[Collected data]
-------------------------
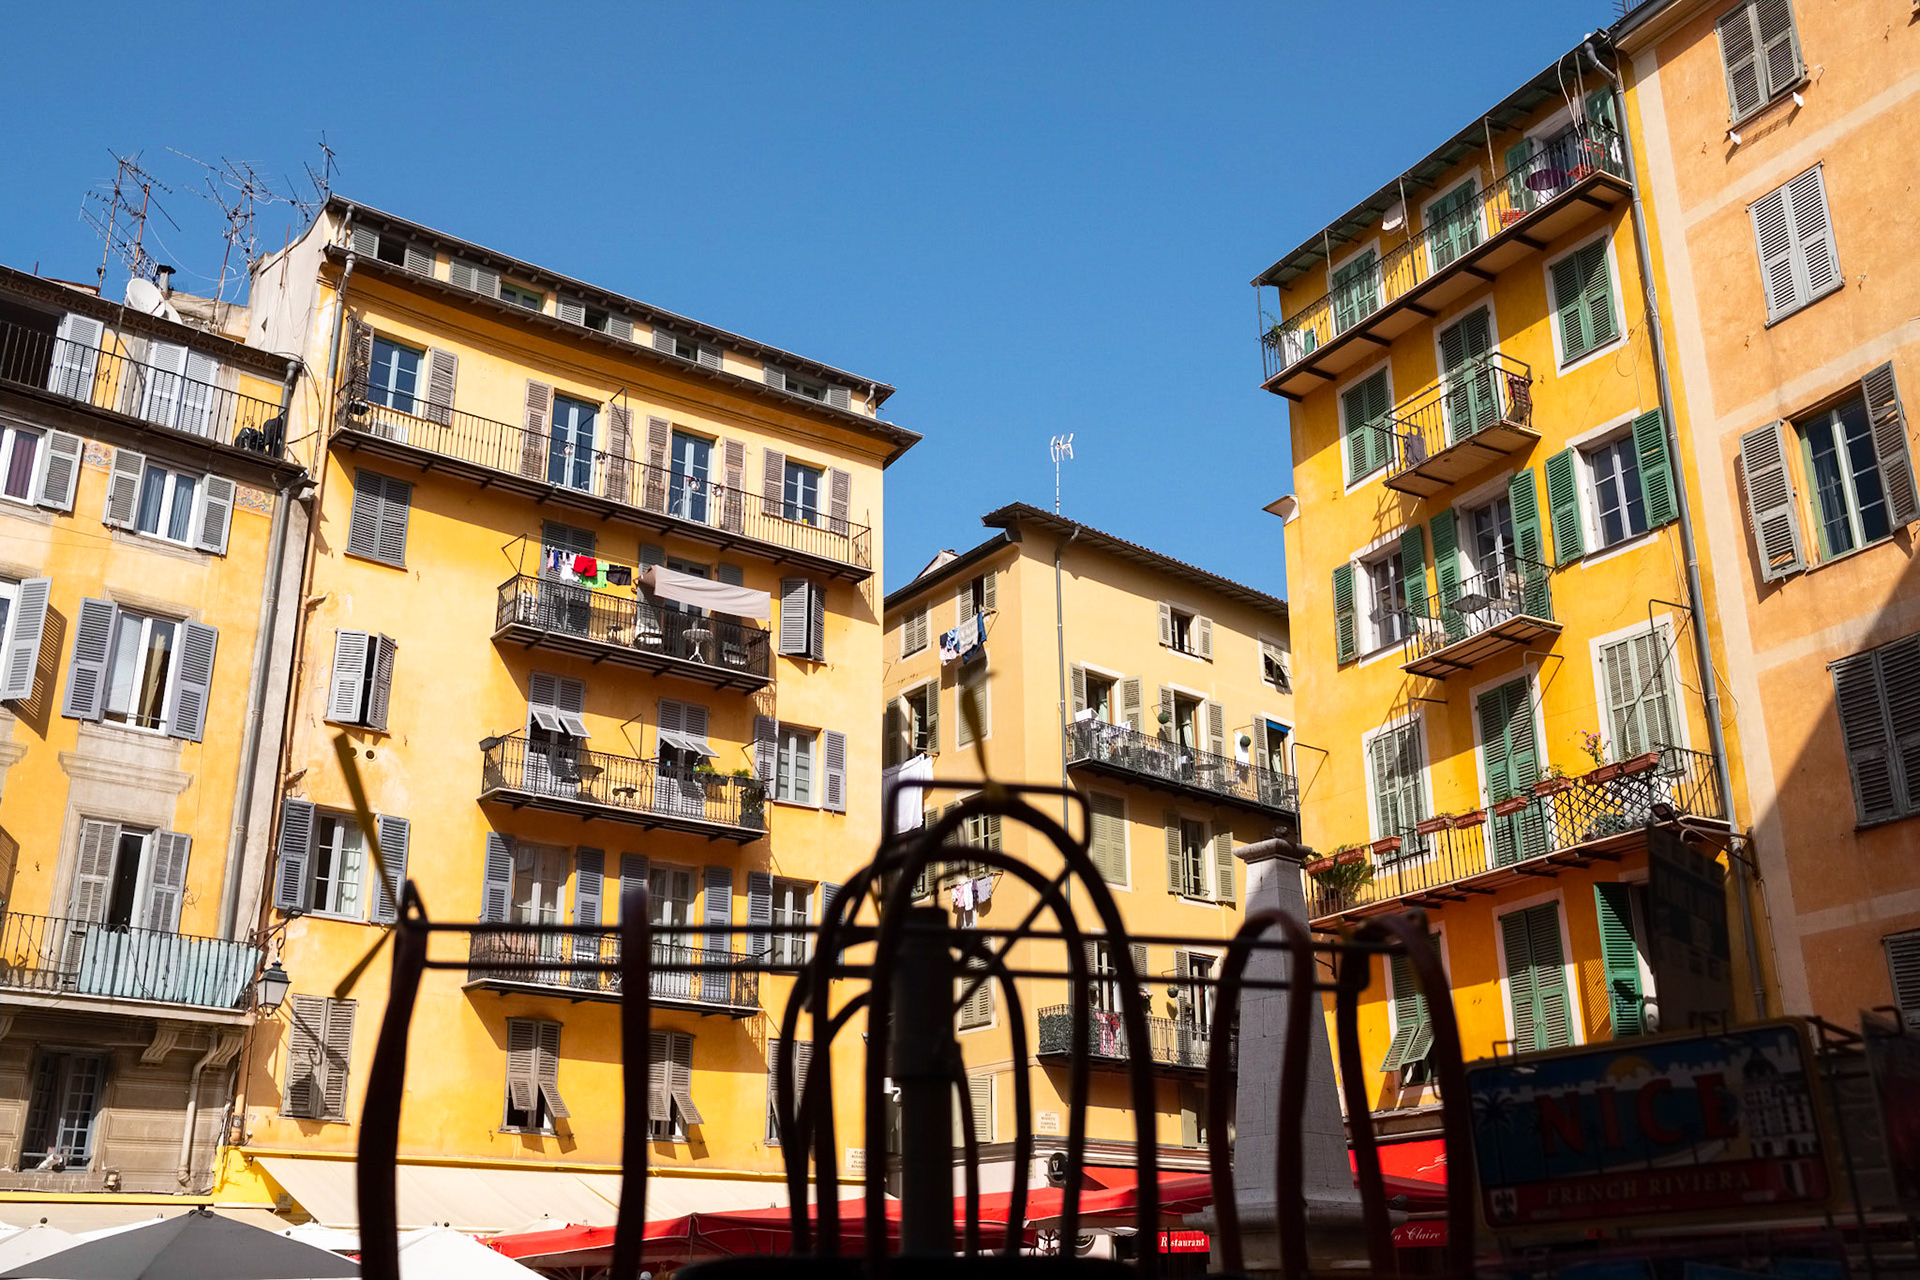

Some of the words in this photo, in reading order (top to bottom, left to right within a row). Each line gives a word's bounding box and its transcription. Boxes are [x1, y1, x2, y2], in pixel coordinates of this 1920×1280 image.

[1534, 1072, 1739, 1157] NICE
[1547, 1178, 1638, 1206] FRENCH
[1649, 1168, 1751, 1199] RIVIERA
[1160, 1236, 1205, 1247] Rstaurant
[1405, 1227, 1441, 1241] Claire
-------------------------
#### ASSIGNED TASK:
Copy every line of the records exactly as it is written, but not the pictures.

#### SOLUTION FOR THIS EXERCISE:
Some of the words in this photo, in reading order (top to bottom, left to right within a row). Each line gives a word's bounding box and its transcription. Boxes are [x1, y1, x2, y2], in pixel coordinates of this 1920×1280 image.

[1534, 1072, 1739, 1157] NICE
[1547, 1178, 1638, 1206] FRENCH
[1649, 1168, 1751, 1199] RIVIERA
[1160, 1236, 1205, 1247] Rstaurant
[1405, 1227, 1441, 1241] Claire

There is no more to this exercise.